Figure 6. The acetylation status of CRABPII directly influences mESC differentiation in response to RA.

(A) Silencing CRABPII partially rescues the elevation of a number of ES differentiation markers in sh-SIRT1 mESCs. Sh-Control and sh-SIRT1 mESCs were transfected with siRNA specific against CRABPII. They were then treated with ethanol or 20 nM RA for two days (n=3 independent stably clones, *p<0.05, values are represented as mean ± SEM).

(B) The CRABPII K102Q mutant has increased ability to induce mESC differentiation morphologically. mESCs stably expressing indicated CRABPII proteins were cultured in the ESGRO medium.

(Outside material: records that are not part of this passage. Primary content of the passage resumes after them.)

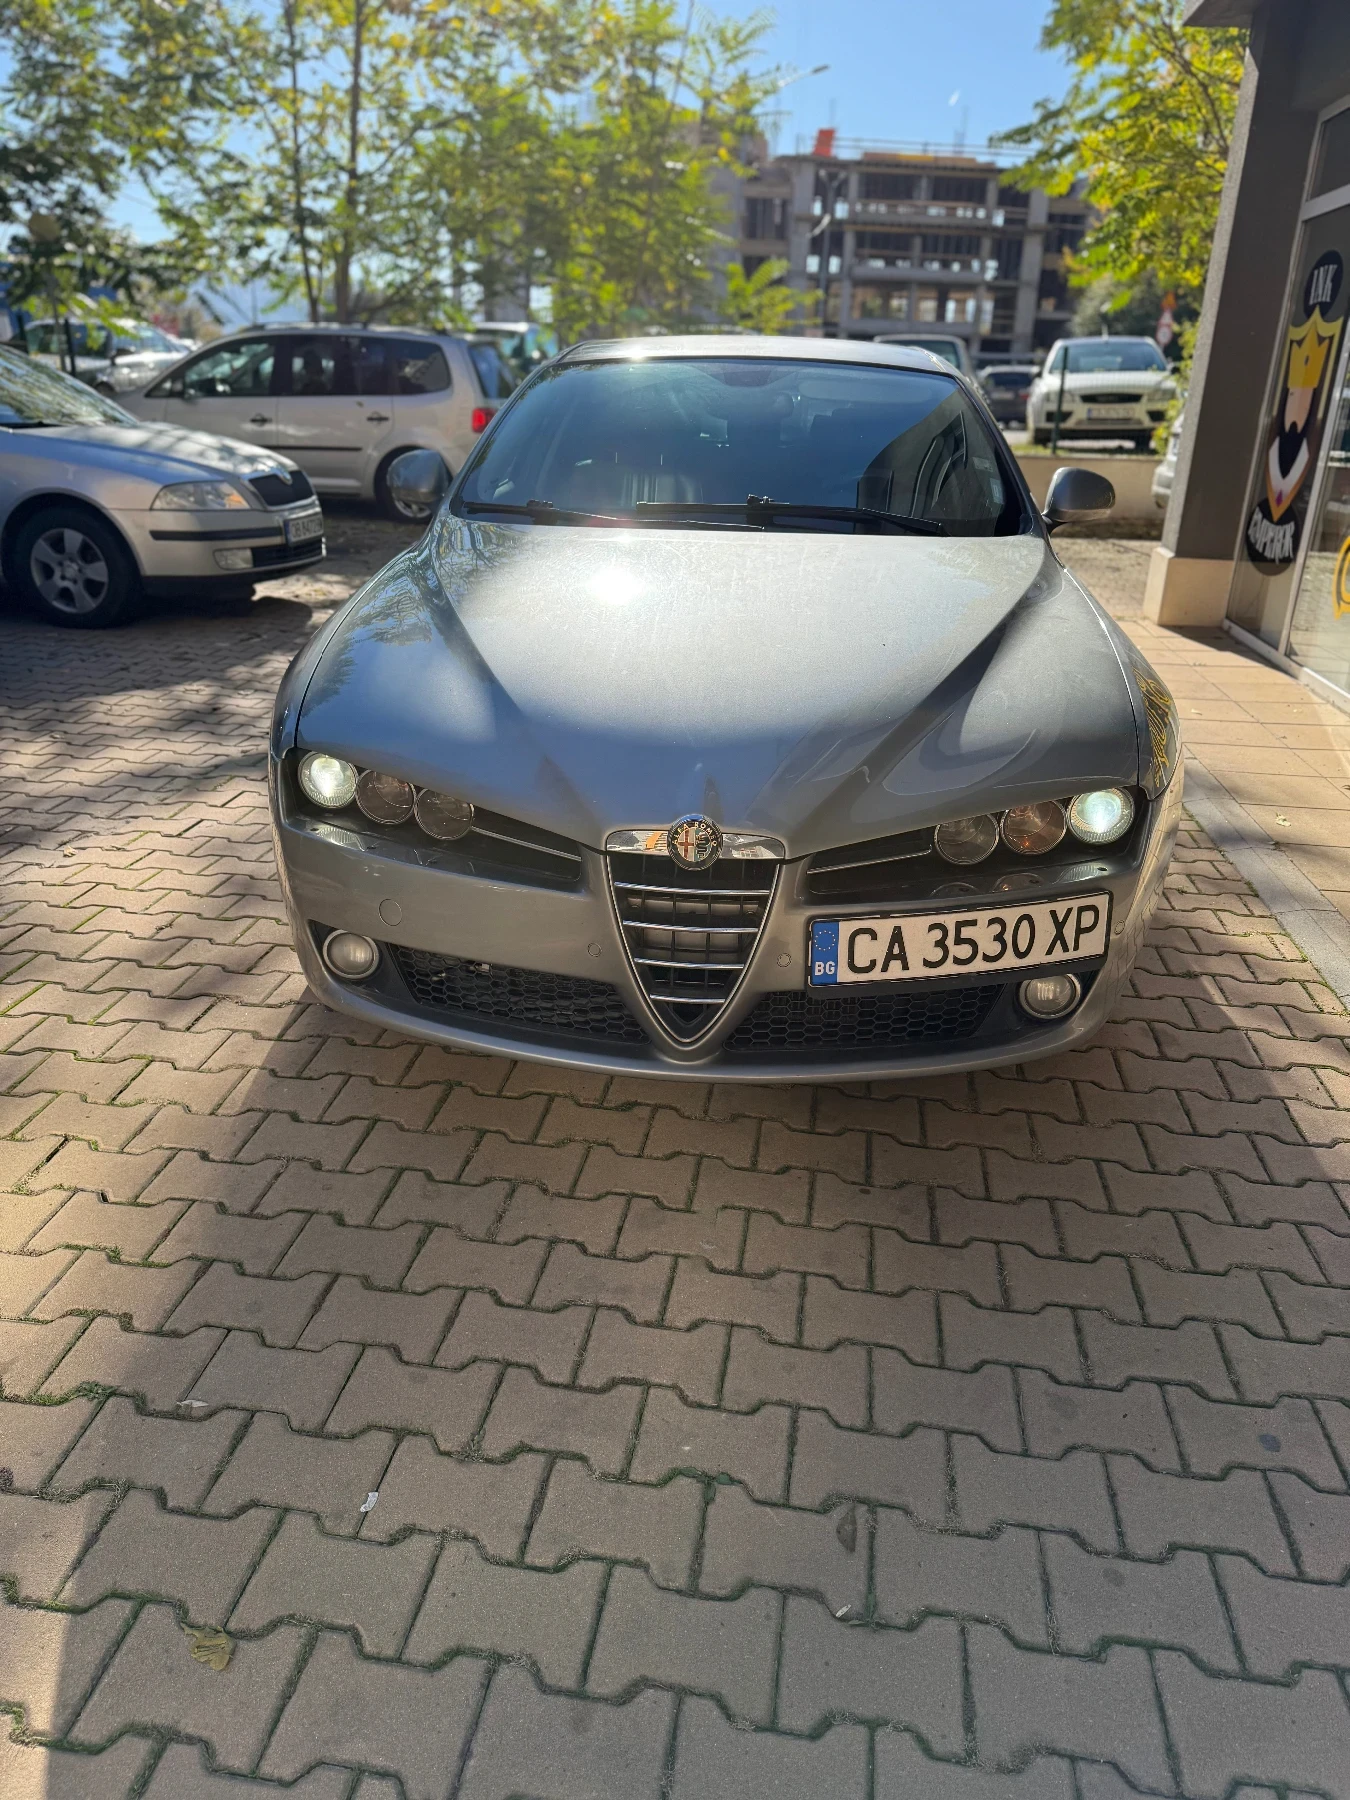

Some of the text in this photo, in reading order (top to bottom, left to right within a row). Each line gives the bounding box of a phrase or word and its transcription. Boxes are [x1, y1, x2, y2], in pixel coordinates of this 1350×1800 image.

[1309, 264, 1338, 305] INK
[694, 821, 717, 847] ROMEO
[847, 904, 1100, 973] CA 3530 XP
[814, 960, 836, 976] BG
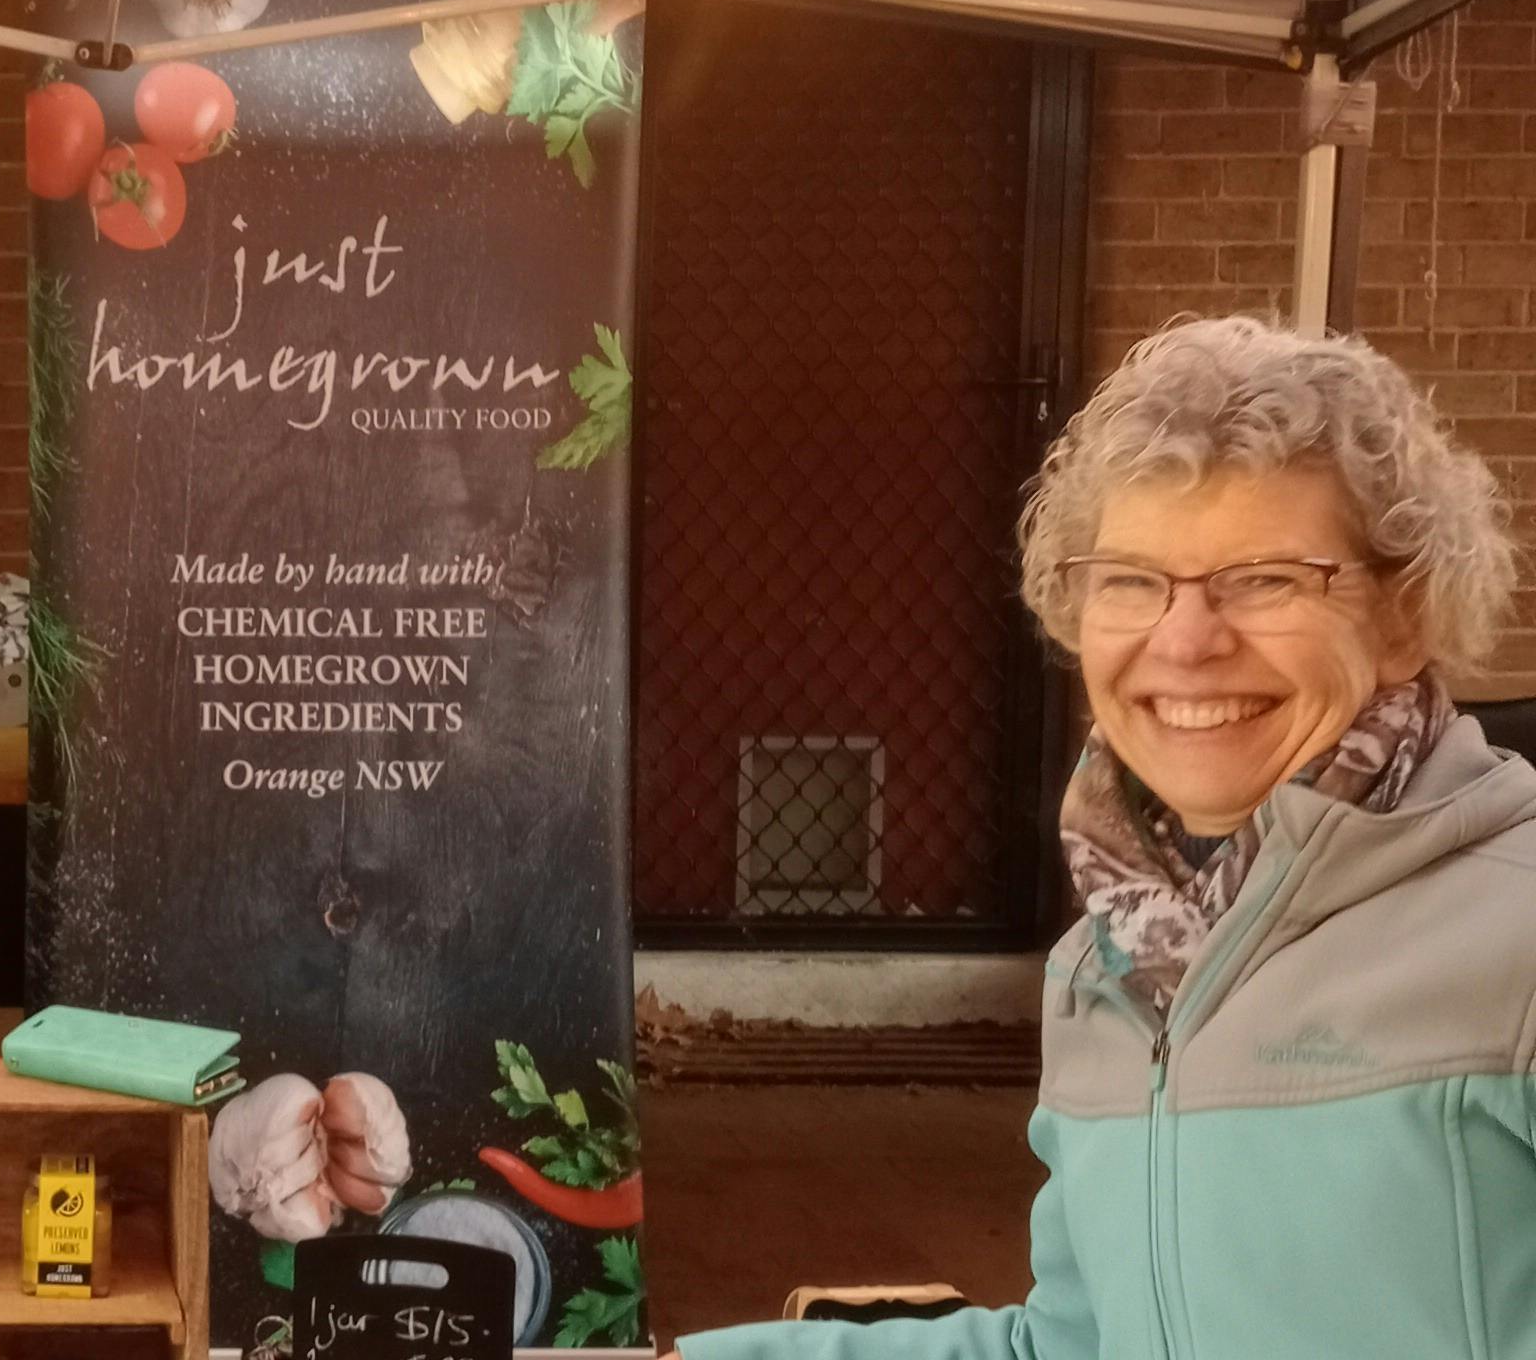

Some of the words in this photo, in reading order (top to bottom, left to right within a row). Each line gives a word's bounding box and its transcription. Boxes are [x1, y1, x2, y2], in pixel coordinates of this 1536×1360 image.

(C) The CRABPII K102Q mutant induces expression of differentiation makers in mESCs in the ESGRO medium (n=4–7 independent stably clones with comparably CRABPII expression levels for each protein, *p<0.05, values are represented as mean ± SEM).

(D) The CRABPII K102Q mutant enhances RA-induced expression of ES cell differentiation makers, whereas the K102R mutant represses their induction. WT, K102R, and K102Q mutant CRABPII were stably expressed in mESCs in which endogenous CRABPII was silenced by siRNAs against its 3′-UTR. Cells were then treated with ethanol or 20 nM RA for two days. *p<0.05, values are represented as mean ± SEM.

Please also see Figure S4.